The third time it happens, Steve is neck-deep in paint again and Sam, Natasha, and Clint are playing Catan around the coffee table. There’s a knock on the door and Steve says, “C’mon guys, really? Isn’t this getting old?”

They look at each other in confusion, and Steve notices there’s no twenty by the door. He goes over and opens it to find James there again, but he’s not in a blue polo. He’s wearing a black t-shirt and skinny jeans and his hair is in a messy bun and Steve wants to climb him like a fucking tree.

Before Steve can say anything, James blurts out, “It’s not pizza.”

“What?”

“You said you don’t like pizza. So I brought you pasta.” He holds out the tin to him. “It’s not even from the pizza place. My ma made it.”

Steve stares at him.

Sam breaks the silence by stepping around Steve and taking the pasta from James’ hands. “I’m just gonna…take this now,” he says, and goes back to the coffee table.

Steve and James are still staring at each other in silence, until James says, “So, I, you know, hope it’s okay that I stopped by. In retrospect it’s probably kind of creepy—”

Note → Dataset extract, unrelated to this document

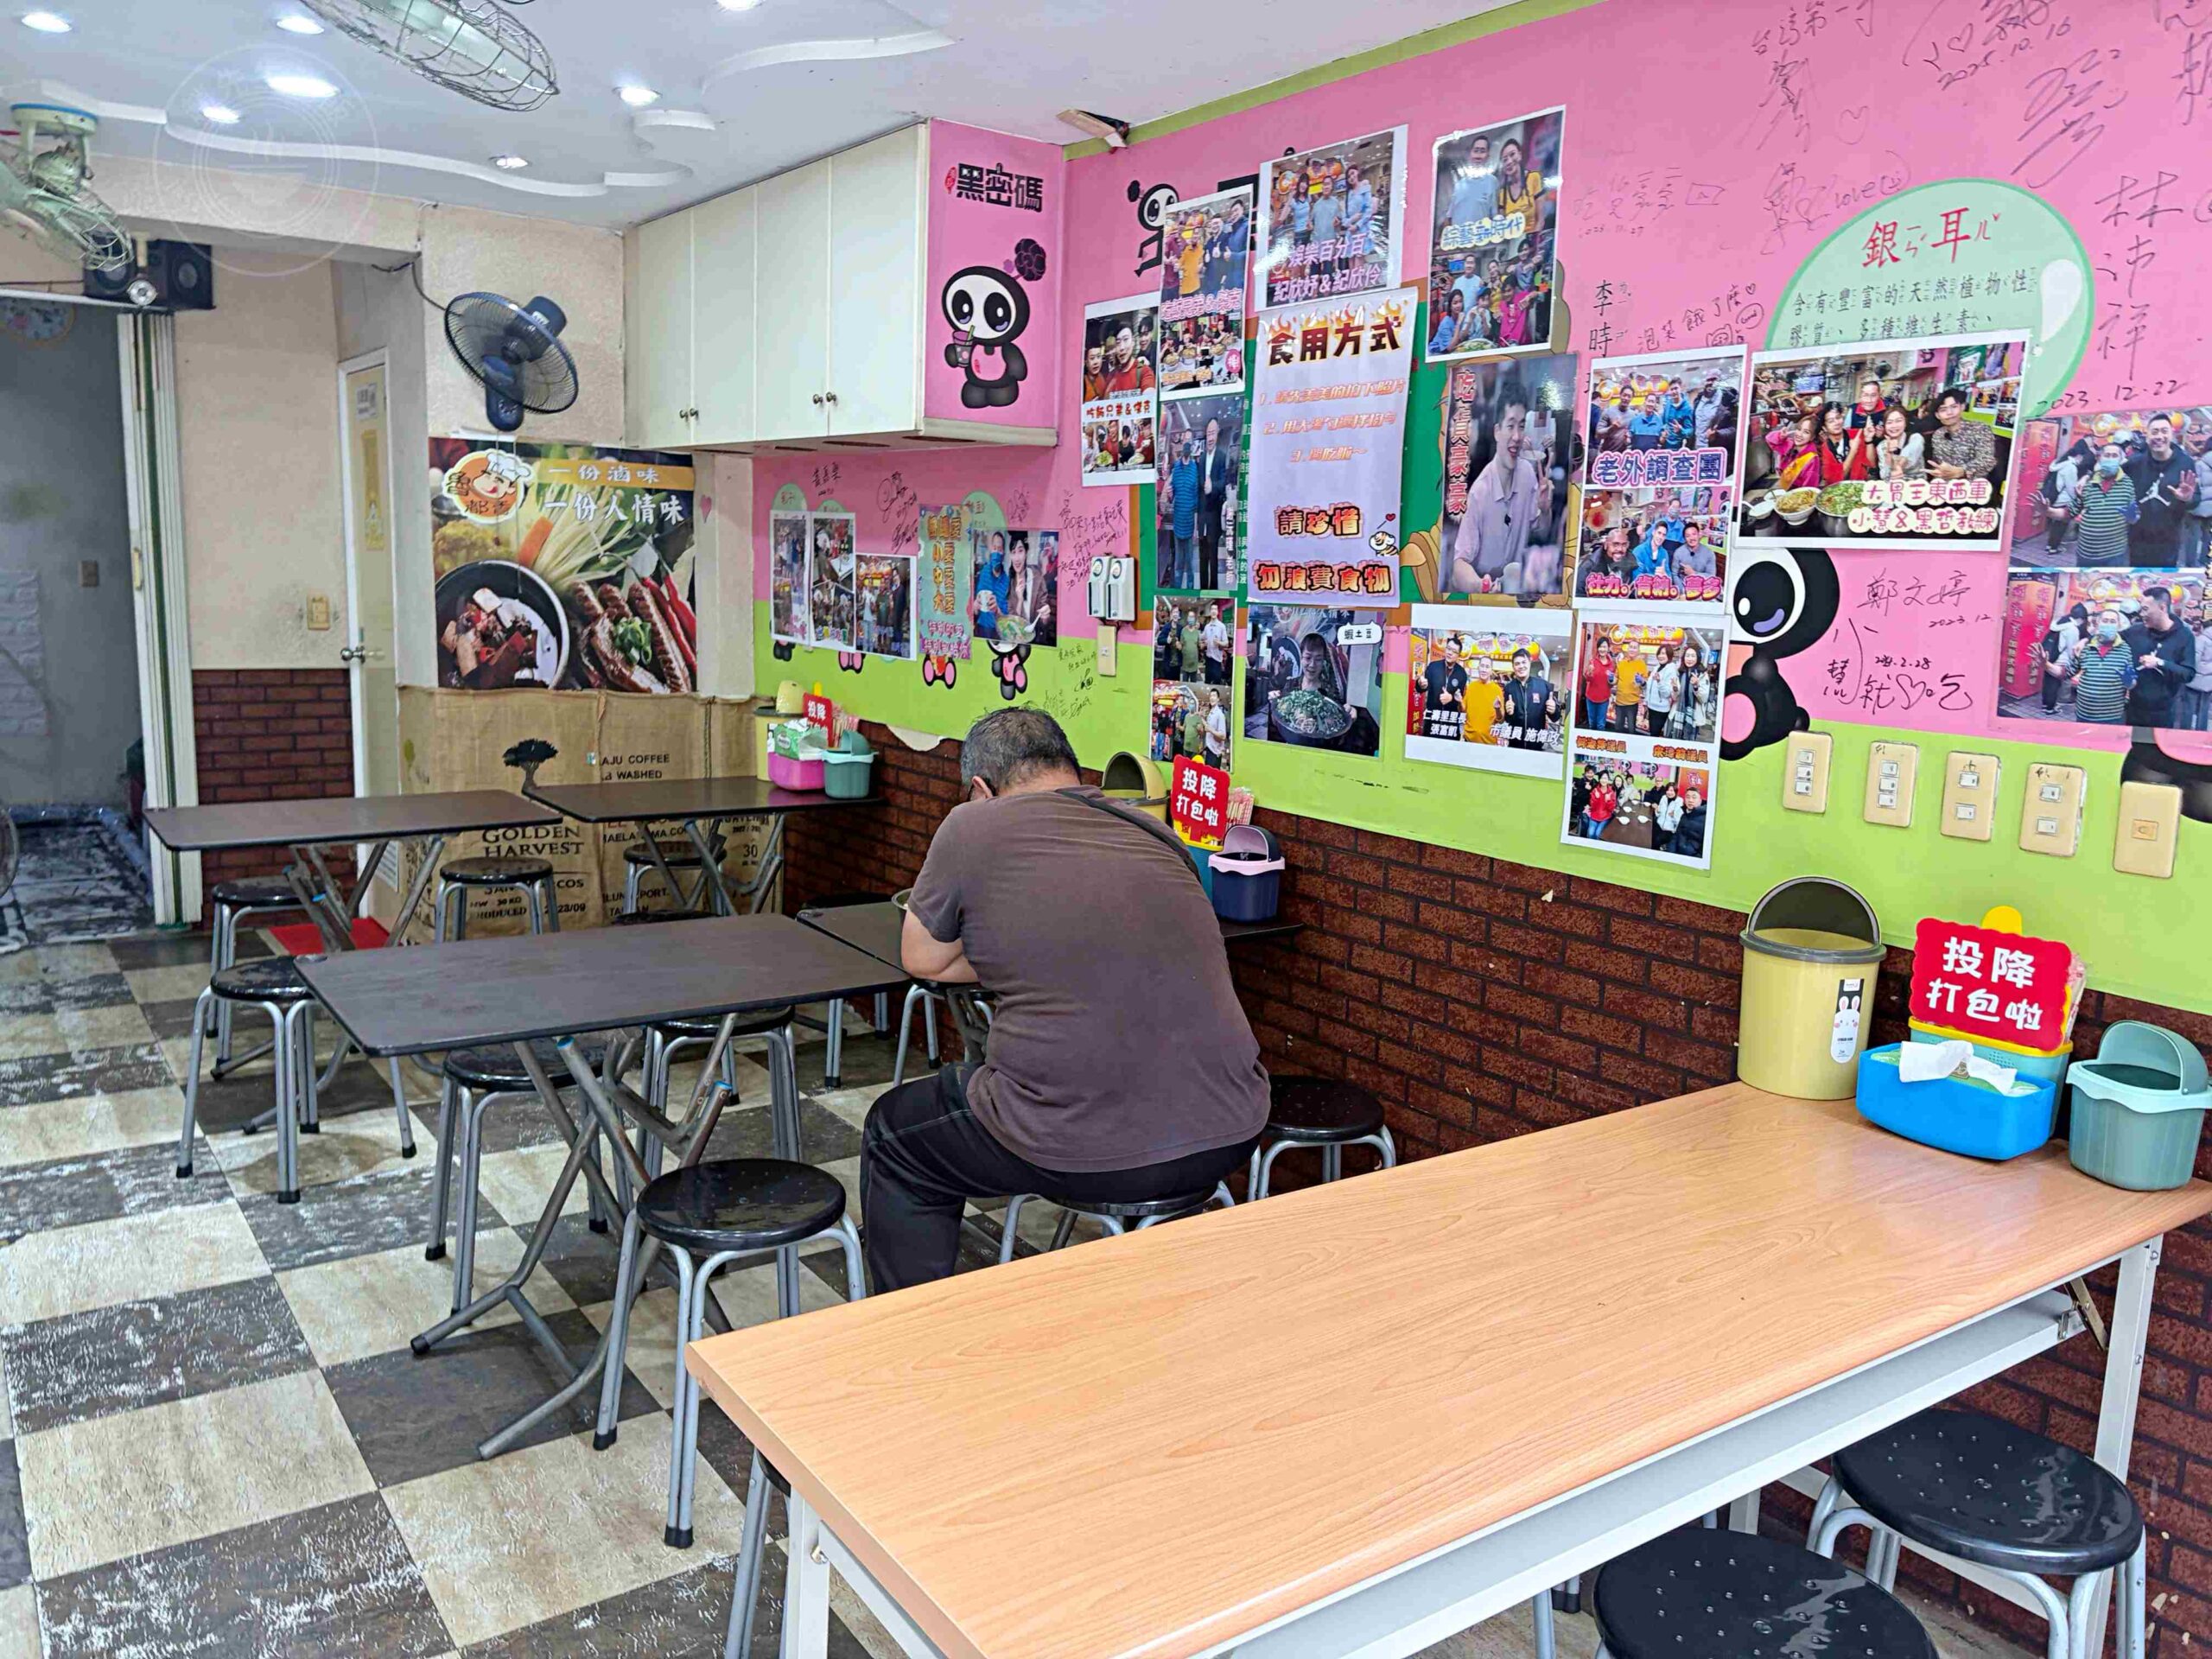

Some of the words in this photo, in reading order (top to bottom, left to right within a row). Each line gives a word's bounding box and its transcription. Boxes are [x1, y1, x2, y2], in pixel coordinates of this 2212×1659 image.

“I’ve drawn the back of your head over thirty times,” Steve blurts out.

“I practiced this conversation for ten whole minutes in the parking lot and it’s not going at _all_ like I planned.”

Steve can’t stop. In his peripheral vision, he sees Natasha, Sam, and Clint staring at them with stunned interest while idly eating the tin of pasta with a shared fork. “You’re the hottest guy I’ve ever met.”

“You’re the hottest guy  _I’ve_  ever met.”

Then, at the same time, they say, “You wanna grab a drink?”

Steve doesn’t wait for an answer. He steps outside and closes the door behind him, ignoring the catcalls and wolf whistles of his friends.

“So how do you feel about art?” Steve asks, making his way down the stairs.

They reach the parking lot to find James’ motorcycle, and he hands a helmet to Steve. “I’m an art history major, actually. And I go by Bucky, by the way.”

They hop on Bucky’s motorcycle, and Steve settles in behind him, arms around his waist, this time relishing in the familiar but welcome view of the back of Bucky’s head.